◆ **Spatial localization data**:
*** Block opens ***

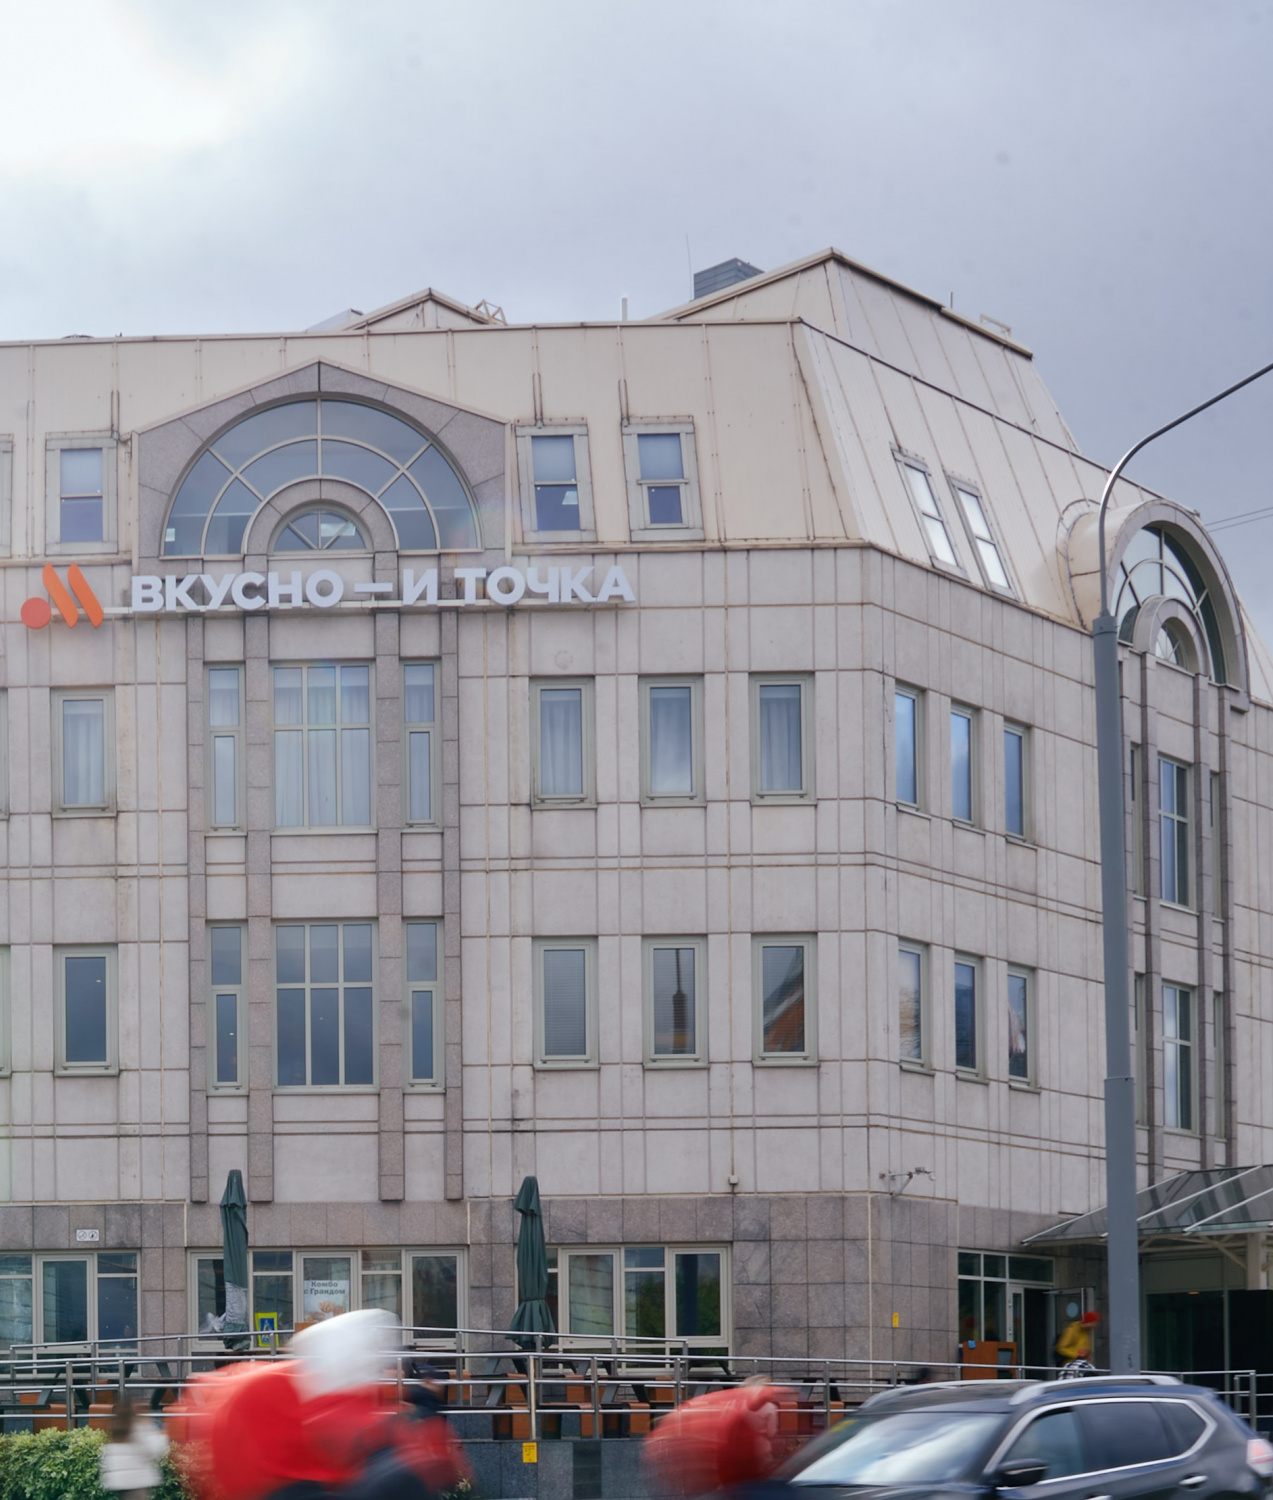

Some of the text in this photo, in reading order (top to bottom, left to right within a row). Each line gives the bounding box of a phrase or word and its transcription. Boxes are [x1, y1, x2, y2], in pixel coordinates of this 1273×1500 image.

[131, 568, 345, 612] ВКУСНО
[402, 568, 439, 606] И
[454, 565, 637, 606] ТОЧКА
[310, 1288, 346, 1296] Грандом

*** Block closes ***

◆ **Work task**:
Omitting the pictures, copy each record above exactly as it stands.

◆ **Answer for this exercise**:
Some of the text in this photo, in reading order (top to bottom, left to right within a row). Each line gives the bounding box of a phrase or word and its transcription. Boxes are [x1, y1, x2, y2], in pixel coordinates of this 1273×1500 image.

[131, 568, 345, 612] ВКУСНО
[402, 568, 439, 606] И
[454, 565, 637, 606] ТОЧКА
[310, 1288, 346, 1296] Грандом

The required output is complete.